ASSIGNMENT:
Could you transcribe every record below exactly as written, excluding the pictures?

SUPPLIED INFORMATION:
______

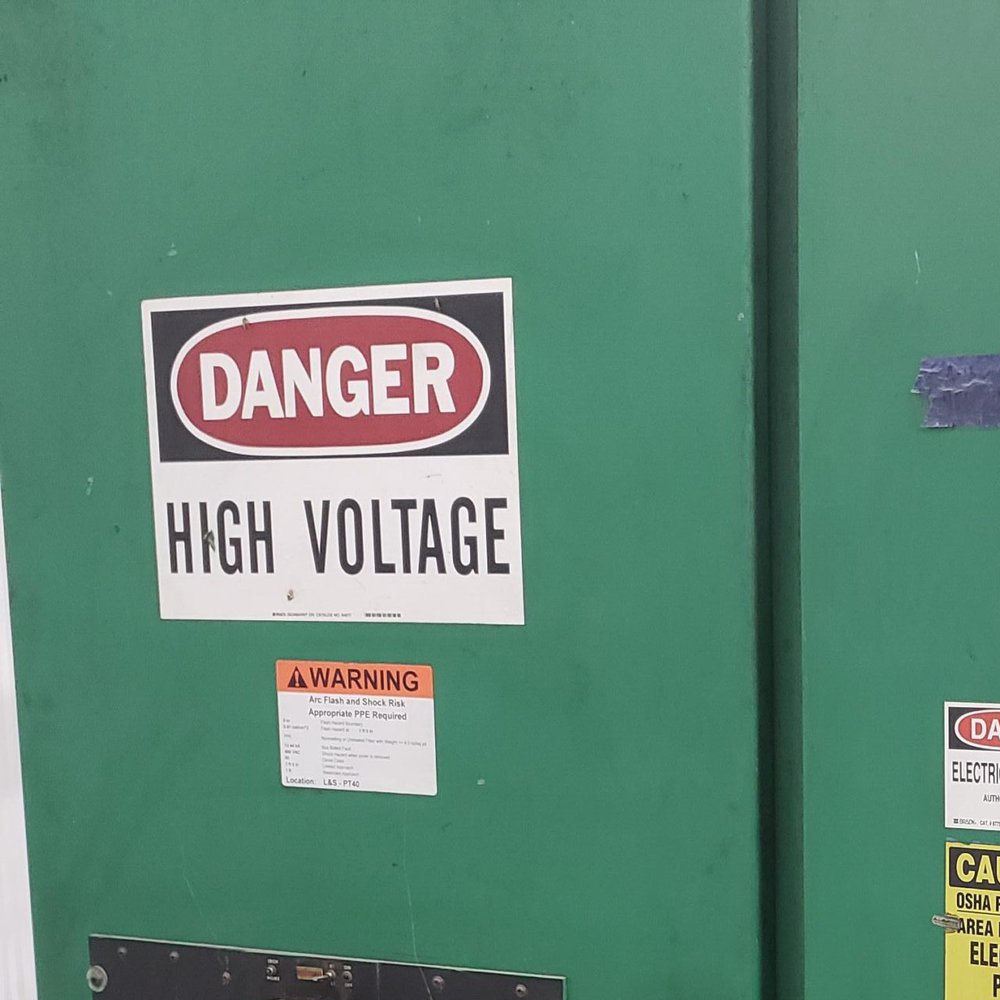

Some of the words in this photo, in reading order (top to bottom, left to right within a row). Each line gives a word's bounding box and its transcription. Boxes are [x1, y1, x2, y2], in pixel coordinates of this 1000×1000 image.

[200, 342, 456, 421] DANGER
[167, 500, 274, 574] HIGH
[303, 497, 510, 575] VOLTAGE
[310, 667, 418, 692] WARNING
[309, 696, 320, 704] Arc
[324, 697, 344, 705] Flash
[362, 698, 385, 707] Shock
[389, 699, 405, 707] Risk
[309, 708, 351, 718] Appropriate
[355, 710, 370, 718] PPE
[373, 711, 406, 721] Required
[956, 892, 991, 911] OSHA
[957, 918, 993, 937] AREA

______

SOLUTION TO THIS TASK:
Some of the words in this photo, in reading order (top to bottom, left to right within a row). Each line gives a word's bounding box and its transcription. Boxes are [x1, y1, x2, y2], in pixel coordinates of this 1000×1000 image.

[200, 342, 456, 421] DANGER
[167, 500, 274, 574] HIGH
[303, 497, 510, 575] VOLTAGE
[310, 667, 418, 692] WARNING
[309, 696, 320, 704] Arc
[324, 697, 344, 705] Flash
[362, 698, 385, 707] Shock
[389, 699, 405, 707] Risk
[309, 708, 351, 718] Appropriate
[355, 710, 370, 718] PPE
[373, 711, 406, 721] Required
[956, 892, 991, 911] OSHA
[957, 918, 993, 937] AREA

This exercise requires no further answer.